Dataset entries
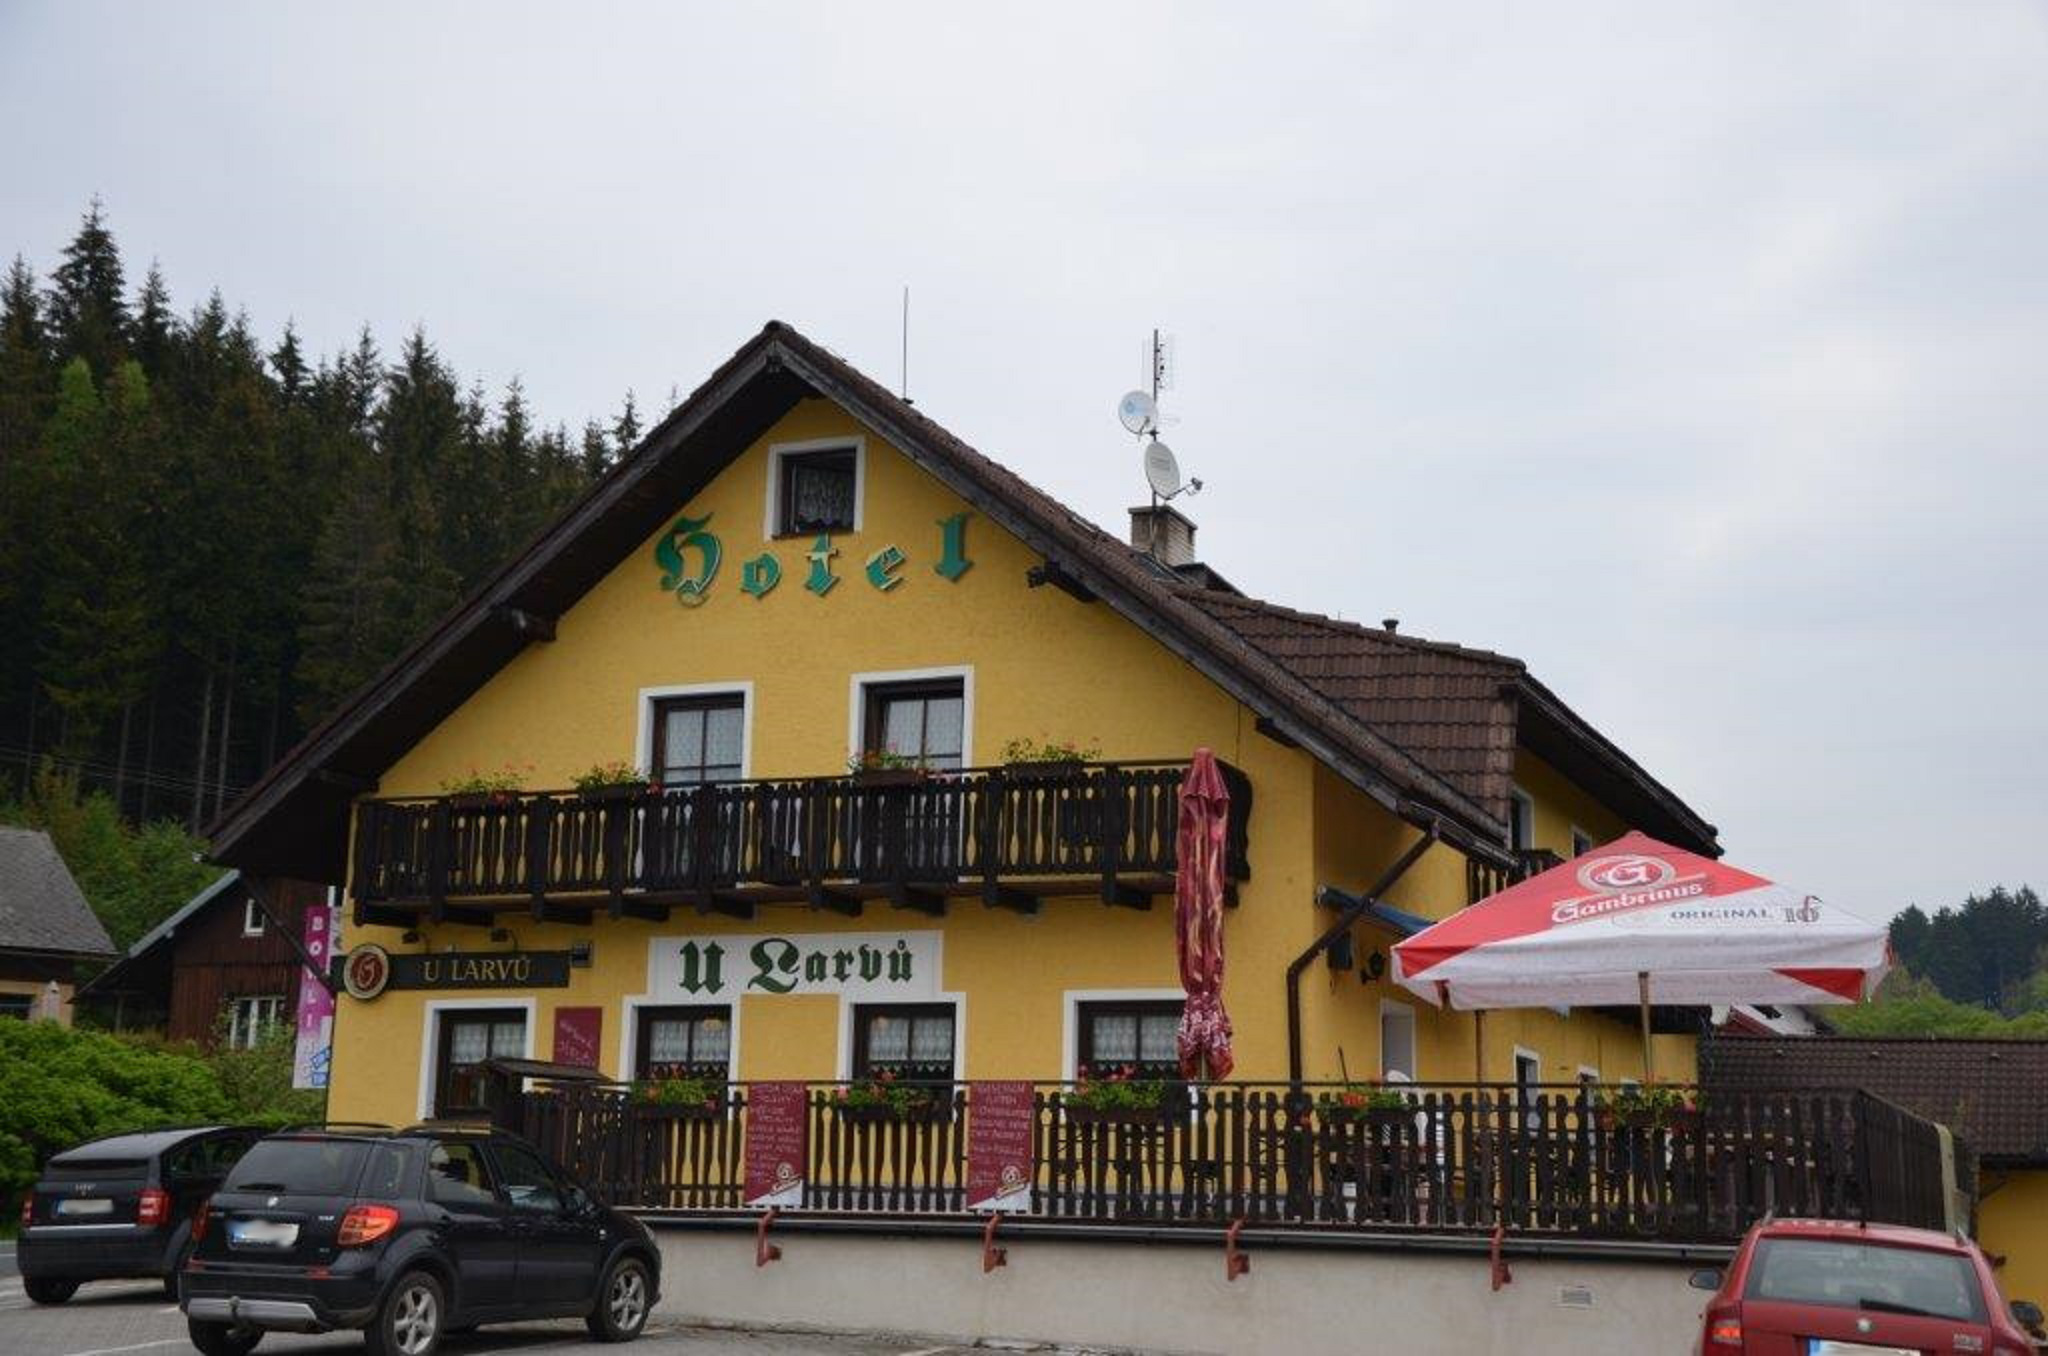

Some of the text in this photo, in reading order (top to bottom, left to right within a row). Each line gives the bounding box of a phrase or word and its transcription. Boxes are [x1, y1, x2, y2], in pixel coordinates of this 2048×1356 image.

[656, 511, 976, 607] Hotel
[1552, 882, 1704, 923] Gambrinus
[1671, 908, 1774, 920] ORIGINAL
[423, 960, 440, 981] U
[679, 937, 913, 995] U Larvů

Task requirements: With the images left out, set down each record exactly as it appears.

Your response:
Some of the text in this photo, in reading order (top to bottom, left to right within a row). Each line gives the bounding box of a phrase or word and its transcription. Boxes are [x1, y1, x2, y2], in pixel coordinates of this 2048×1356 image.

[656, 511, 976, 607] Hotel
[1552, 882, 1704, 923] Gambrinus
[1671, 908, 1774, 920] ORIGINAL
[423, 960, 440, 981] U
[679, 937, 913, 995] U Larvů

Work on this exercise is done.